Gartman ended the publication of his newsletter on Tuesday after 30 years of publishing. While he may not be as well known to individual investors, he has been a valuable resource on Wall Street.
He said he thinks the absence of fear in the markets, not any geopolitical events or action by U.S. President Donald Trump (who Gartman fully supports for a second term), will send the markets into a tailspin.
He references George Goodman’s classic book “The Money Game” in using the term “kids market” to describe the investors who are making the most money during this record-long raging bull market that has lasted over a decade now.
“(These kids are) young, brash, utterly naive, ill-educated, egregiously overconfident, neophyte-yet-fearless investors,” Gartman said, while arguing that all market veterans can do is wait and be “fearful yet envious” of the profits being made by the younger generation.

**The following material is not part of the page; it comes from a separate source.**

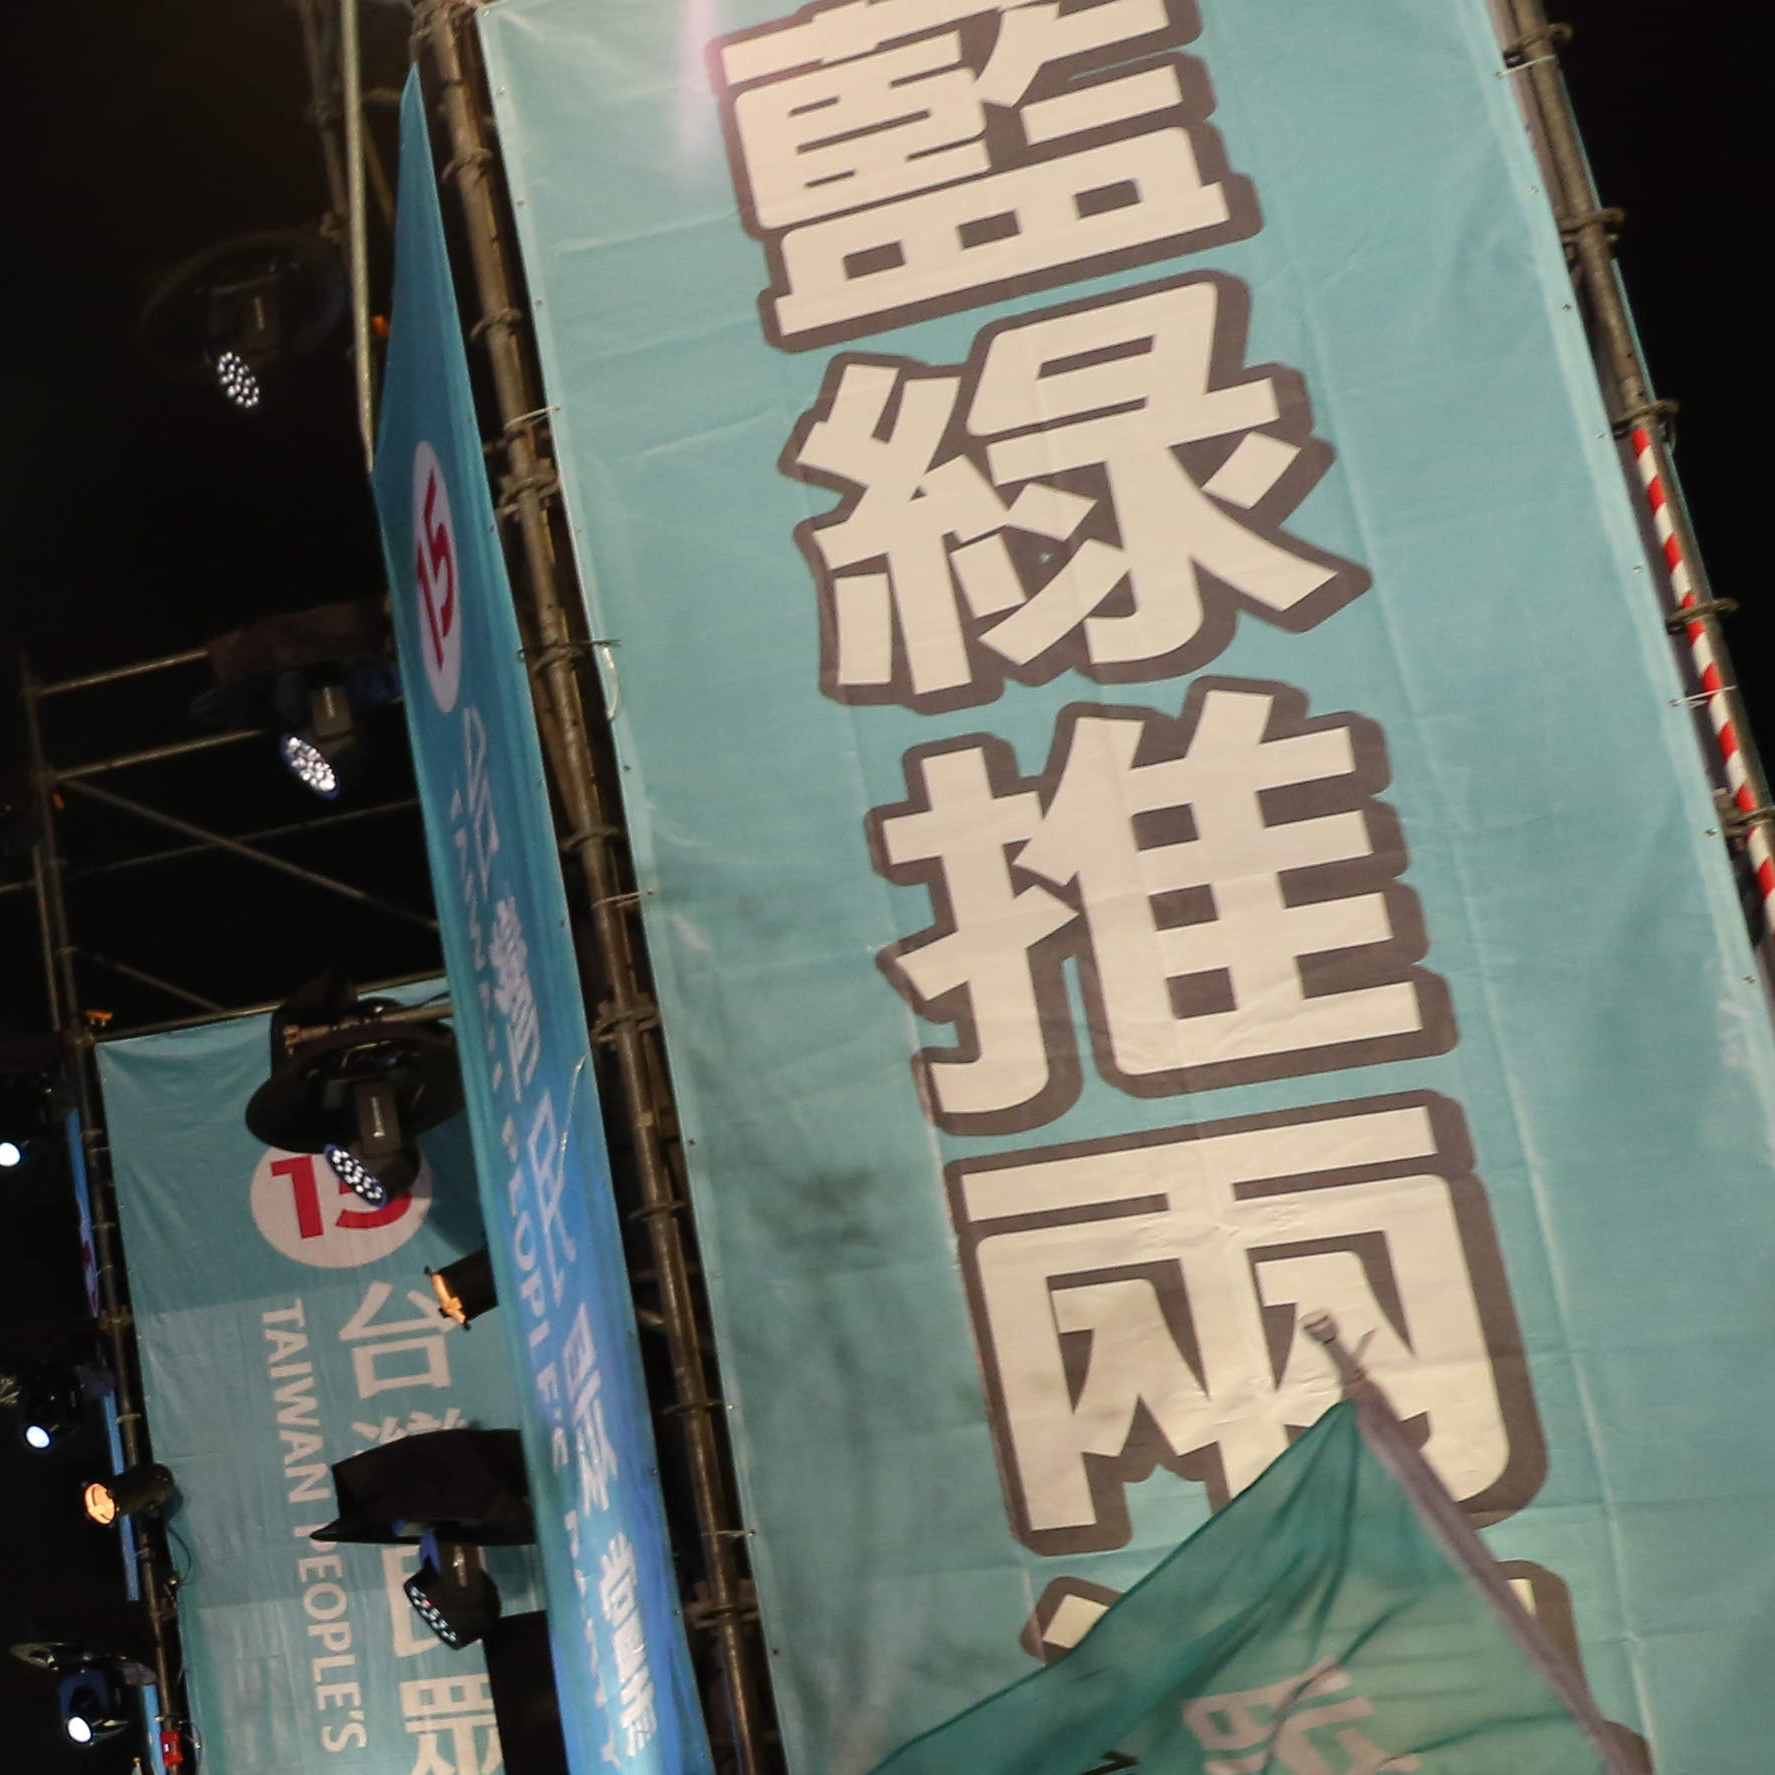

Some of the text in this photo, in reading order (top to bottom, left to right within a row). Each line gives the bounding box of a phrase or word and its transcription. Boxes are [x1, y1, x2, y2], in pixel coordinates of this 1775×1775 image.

But it won’t last, Gartman thinks. He’s been in a few similar kid markets, and none of them have had a happy ending, which he’s confident will happen again. The “all-too-easily-made profits (of today’s) kids will evaporate.” And the outcome will produce some older, poorer-but-wiser investors.
Gartman went on to say that education doesn’t beat experience, and that means he can’t trust “a 26-year-old who has just gotten his MBA and has no experience.”
The best advice he has for choosing an adviser is: “Don’t follow anyone who hasn’t been around for at least an entire cycle.”
Gartman doesn’t pinpoint when a bear market will actually arrive, and he doesn’t think it’s crazy to see investors continue to push the markets higher. By looking at all aspects of major markets, he doesn’t see reward outweighing the risks in stocks.
During his long career analyzing Wall Street, Gartman, 69, thinks a lot of his success has come from taking a broader, more contratian view of the markets. He argues you don’t have to be the best at analyzing one sector of the market, but only decent at breaking down many different sectors.
“People who traded foreign currencies weren’t talking to those who traded oil, who in turn didn’t talk to those who traded bonds or equities, and so forth,” Gartman said. “(No one was) focusing on the interconnections between the various markets.
“I am the liberal-arts major on Wall Street.”
And where does Gartman see future value? Commodities, and especially agricultural commodities like cotton and wheat are “unbelievably inexpensive right now.”